Fachkräfte Frühe Hilfen der Landeshauptstadt Potsdam
Liebe Frau Dittrich, was ist Ihre Aufgabe und seit wann sind Sie hier tätig?
Mara Dittrich: Ich berate Familien und werdende Eltern auf der Suche nach Hilfe und vermittle unterstützende Fachkräfte für die Zeit von der Schwangerschaft bis zum 3. Geburtstag des Kindes, welche die Familien begleiten. Ich koordiniere das gesamte Angebot der Familienhebammen und Familien-Gesundheits- und Kinderkrankenpflegenden inklusive Öffentlichkeitsarbeit, Internetauftritt, Konzeption und Berichten. Für die Frühen Hilfen arbeite ich seit 2017, ursprünglich bin ich studierte Sozialarbeiterin. Das Angebot selbst gibt es in Potsdam bereits seit 2014, also seit 10 Jahren.

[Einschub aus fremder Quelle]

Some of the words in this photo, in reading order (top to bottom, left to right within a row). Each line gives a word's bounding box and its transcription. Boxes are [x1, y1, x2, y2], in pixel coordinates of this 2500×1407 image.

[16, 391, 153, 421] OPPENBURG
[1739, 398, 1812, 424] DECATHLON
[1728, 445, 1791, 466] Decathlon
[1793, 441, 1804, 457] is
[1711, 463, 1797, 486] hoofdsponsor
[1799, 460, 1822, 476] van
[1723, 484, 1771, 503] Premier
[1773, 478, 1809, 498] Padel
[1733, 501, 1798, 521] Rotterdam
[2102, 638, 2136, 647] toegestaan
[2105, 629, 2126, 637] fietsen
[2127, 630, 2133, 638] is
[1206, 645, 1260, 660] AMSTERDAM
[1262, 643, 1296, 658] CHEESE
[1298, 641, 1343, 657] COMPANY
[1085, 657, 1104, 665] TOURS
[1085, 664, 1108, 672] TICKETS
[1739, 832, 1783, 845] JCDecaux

Für wen ist das Angebot gedacht?
Es sind grundsätzlich Fälle, wo der Start in die Elternschaft nicht optimal läuft. Das kann eine superjunge Mutter sein oder eine, die sehr spät erst von der Schwangerschaft erfahren hat. Eine Alleinerziehende, die sich wirklich auch alleine fühlt und keine Unterstützung hat. Frauen, die nicht wissen, wie und wohin, die total verunsichert und überfordert sind. Familien mit Migrationshintergrund mit Sprachbarrieren und einem anderen kulturellen Hintergrund. Aber auch Frühchen-Familien oder Familien mit einem Baby, das sehr viel schreit und sich nur schwer beruhigen lässt. Chronische Erkrankungen und Beeinträchtigungen können ein Thema sein. Eltern, die unfassbar viele eigene Sorgen haben und es schwer haben, in ihre Elternrolle zu finden. Die psychische Probleme haben oder eigene traumatische Erfahrungen in der Kindheit machen mussten. Hier muss man agieren, damit sich Probleme nicht manifestieren.

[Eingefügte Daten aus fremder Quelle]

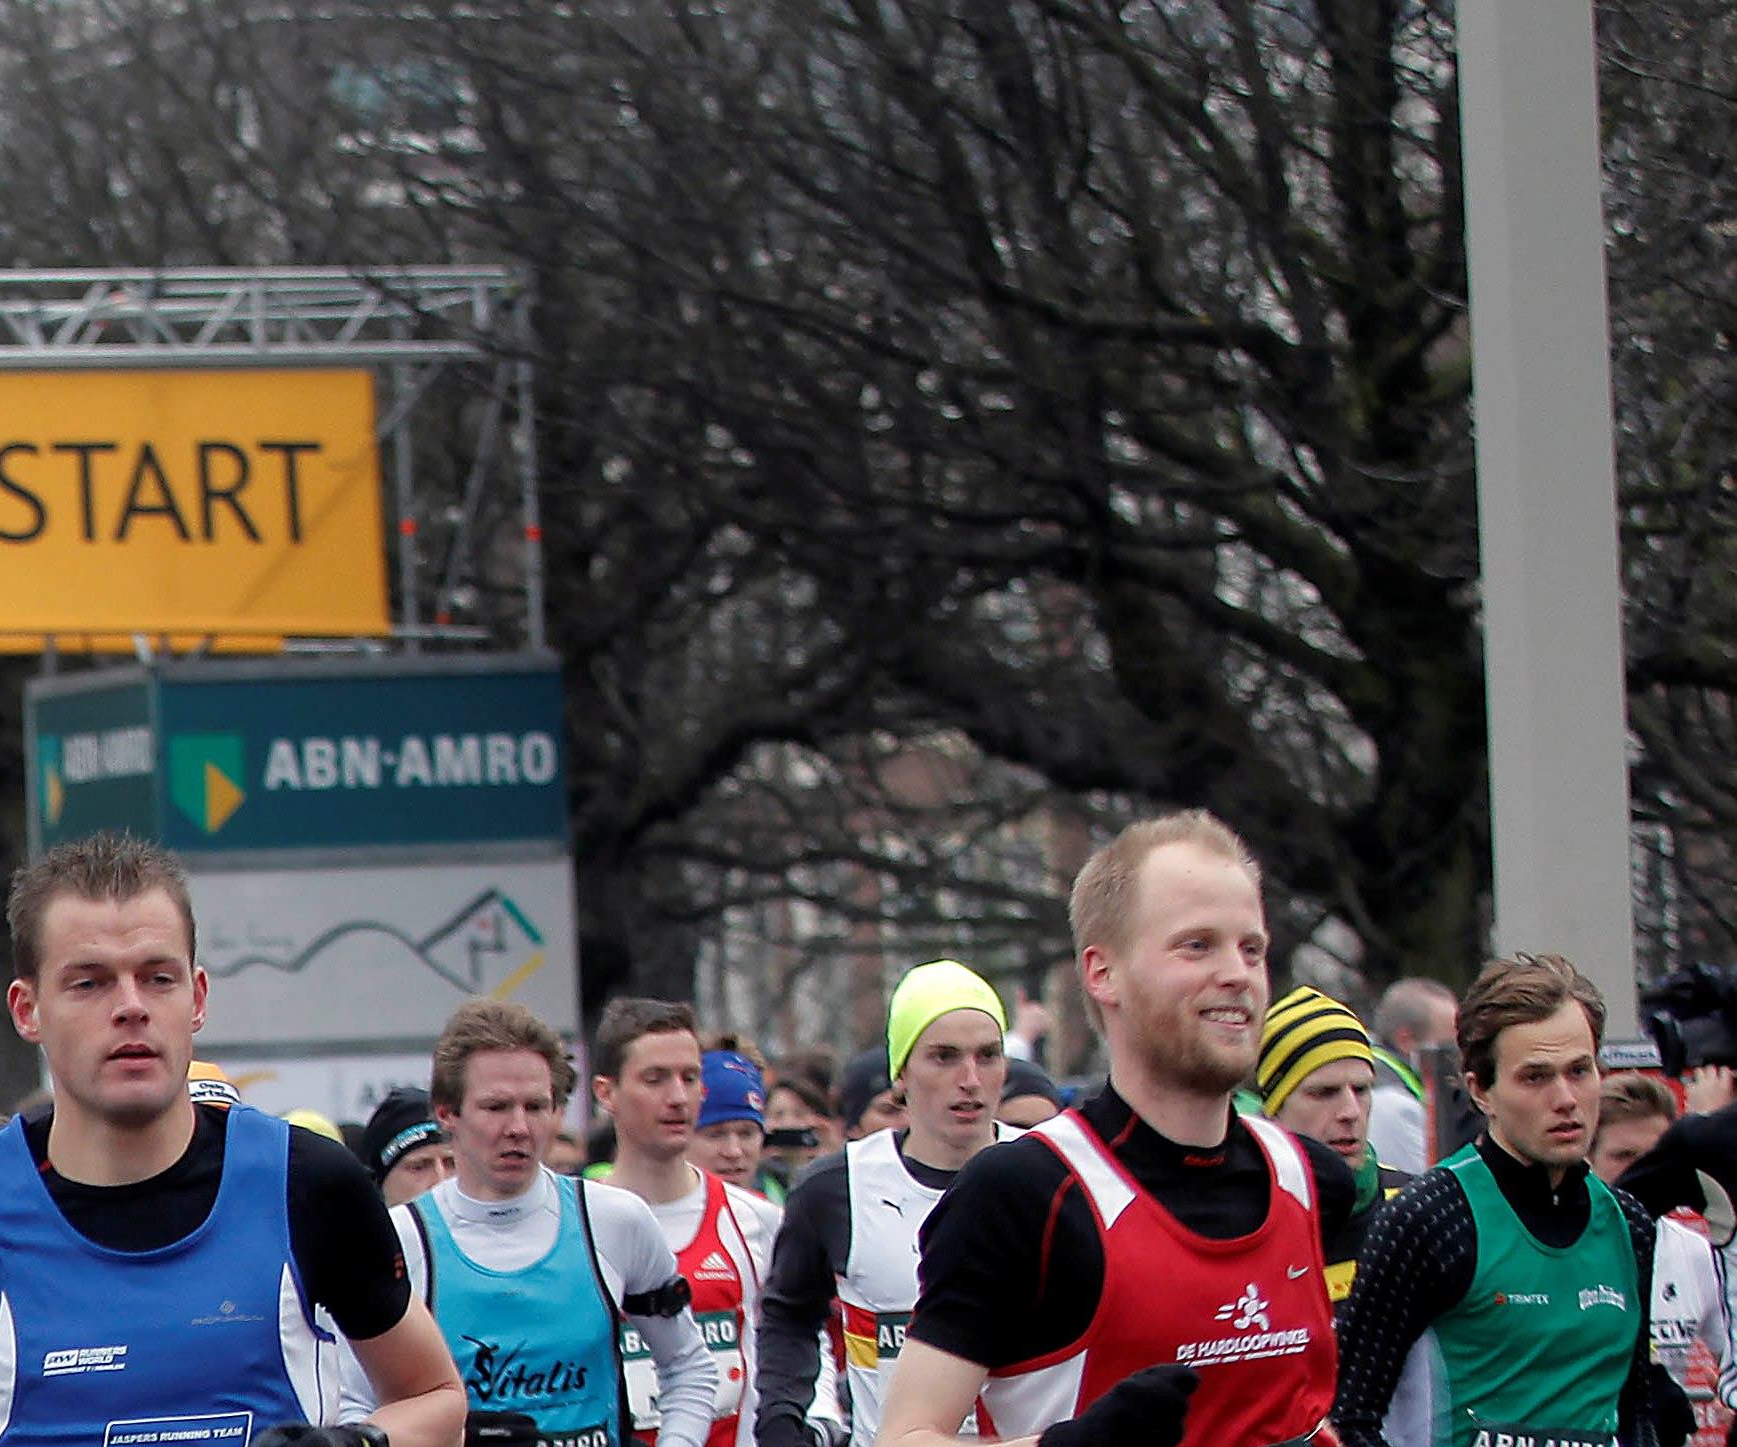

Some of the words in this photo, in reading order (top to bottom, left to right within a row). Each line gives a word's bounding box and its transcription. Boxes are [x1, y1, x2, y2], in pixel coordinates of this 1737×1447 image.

[697, 1320, 734, 1344] RO
[879, 1324, 907, 1349] AB
[212, 1426, 244, 1439] TEAM

Wir beraten aufsuchend und längerfristig, d.h. eine Familienhebamme oder eine Familien-Gesundheits- und Kinderkrankenpflegende besucht die Familien zu Hause. Das kann schon in der Schwangerschaft starten und endet spätestens mit dem 3. Geburtstag des Kindes. Die Hilfe ist für die Familien vertraulich und kostenfrei und wird aktuell zu einem Teil von der Bundesstiftung Frühe Hilfen finanziert und zum größeren Teil kommunal getragen, d.h. von der Stadt Potsdam.
Hebamme und Gesundheits- und Kinderkrankenpflegerin klingt erstmal sehr medizinisch.
Beide Bezeichnungen sind meines Erachtens irreführend. Sie sind in ihrer Grundprofession zertifizierte Hebammen und Gesundheits- und Kinderkrankenpflegerin (vormals: Kinder-krankenschwester), die jedoch zusätzlich eine umfangreiche Zusatzqualifikation im Rahmen der Frühen Hilfen erworben haben. Es geht hier also nicht um die originäre Arbeit, sondern um eine psychosoziale Begleitung vor der Schwangerschaft und bis zum 3. Geburtstag. Der Fokus liegt auf dem Kind im System Familie, seinem gesunden Aufwachsen und seiner guten Entwicklung. Darum, Problemlagen und Schwierigkeiten zu erkennen und gegenzusteuern.
Wie genau wird dann geholfen?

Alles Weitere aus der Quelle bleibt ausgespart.